Correlation + theory + well-designed experiments + confirming results = causation
Science often starts with observed correlations. But not always. Sometime the theory comes first. It's only on putting all the parts together that science can speak with confidence about causation. If we use the "corelation != causation" slogan as if it refutes all science which follows from observation of correlations, we entirely miss the point.
"with their freedom lost all virtue lose" - Milton
Science is the means by which we know what is true
Almost. Science is the way by which we find things which are false.
We don't have a state-run media we have a media-run state.
The piece is mumbo-jumbo. Yes, Bacon eschewed the "Aristotelian" search for final causes. Does that mean that Baconian science doesn't try to determine the truth? Of course not.

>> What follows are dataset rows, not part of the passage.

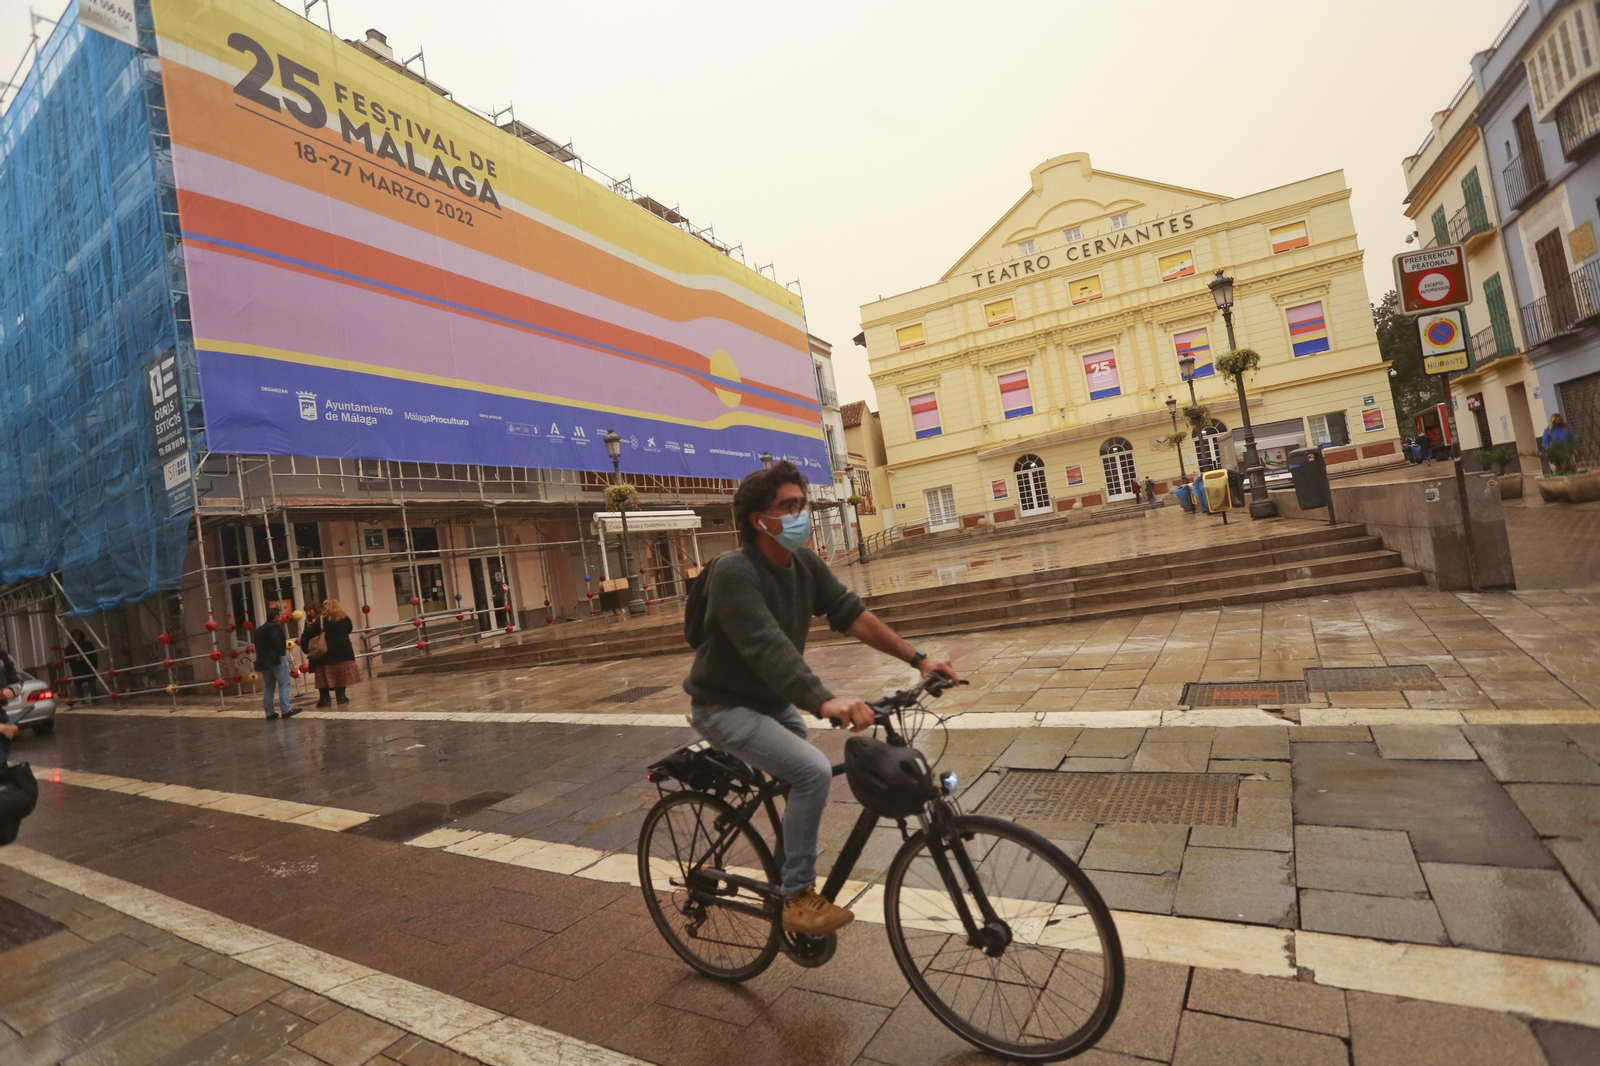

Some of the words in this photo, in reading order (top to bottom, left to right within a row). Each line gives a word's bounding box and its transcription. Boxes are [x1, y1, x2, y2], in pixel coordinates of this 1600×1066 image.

[227, 32, 328, 129] 25
[334, 81, 461, 161] FESTIVAL
[470, 150, 497, 179] DE
[338, 108, 502, 210] MÁLAGA
[294, 141, 352, 177] 18-27
[359, 166, 430, 208] MARZO
[434, 198, 474, 227] 2022
[972, 255, 1050, 287] TEATRO
[1066, 214, 1194, 261] CERVANTES
[1404, 250, 1455, 264] PREFERENCIA
[1411, 259, 1449, 271] PEATONAL
[1420, 285, 1450, 294] AUTORIZADOS
[1090, 361, 1111, 378] 25
[1427, 357, 1465, 370] HIDRANTE
[325, 399, 393, 416] Ayuntamiento
[325, 411, 338, 421] de
[341, 412, 378, 426] Málaga
[404, 411, 469, 426] MálagaProcultura

The history of philosophy/history of science done in this piece is clap trap. He says that Galileo used experiment, whereas Aristotle did not. And that's why Aristotle thought that "heavier objects should fall faster than light ones". Supposedly. The problem: Aristotle didn't use "abstract reasoning" to come to that incorrect conclusion. He just didn't control his variables adequately. Not controlling variables adequately can happen to the very best of experimentalists.
So how does this argument run? Scientific knowledge is knowledge about specific empirical propositions. Therefore, scientific knowledge is not "true" knowledge. Therefore, science is not the pursuit of capital-T Truth? That's a terrible argument. This seems like just a case of begging the question from the author where he has an unargued "definition" of what "Truth" is. Why anyone else is beholden to this definition, of course, is a mystery.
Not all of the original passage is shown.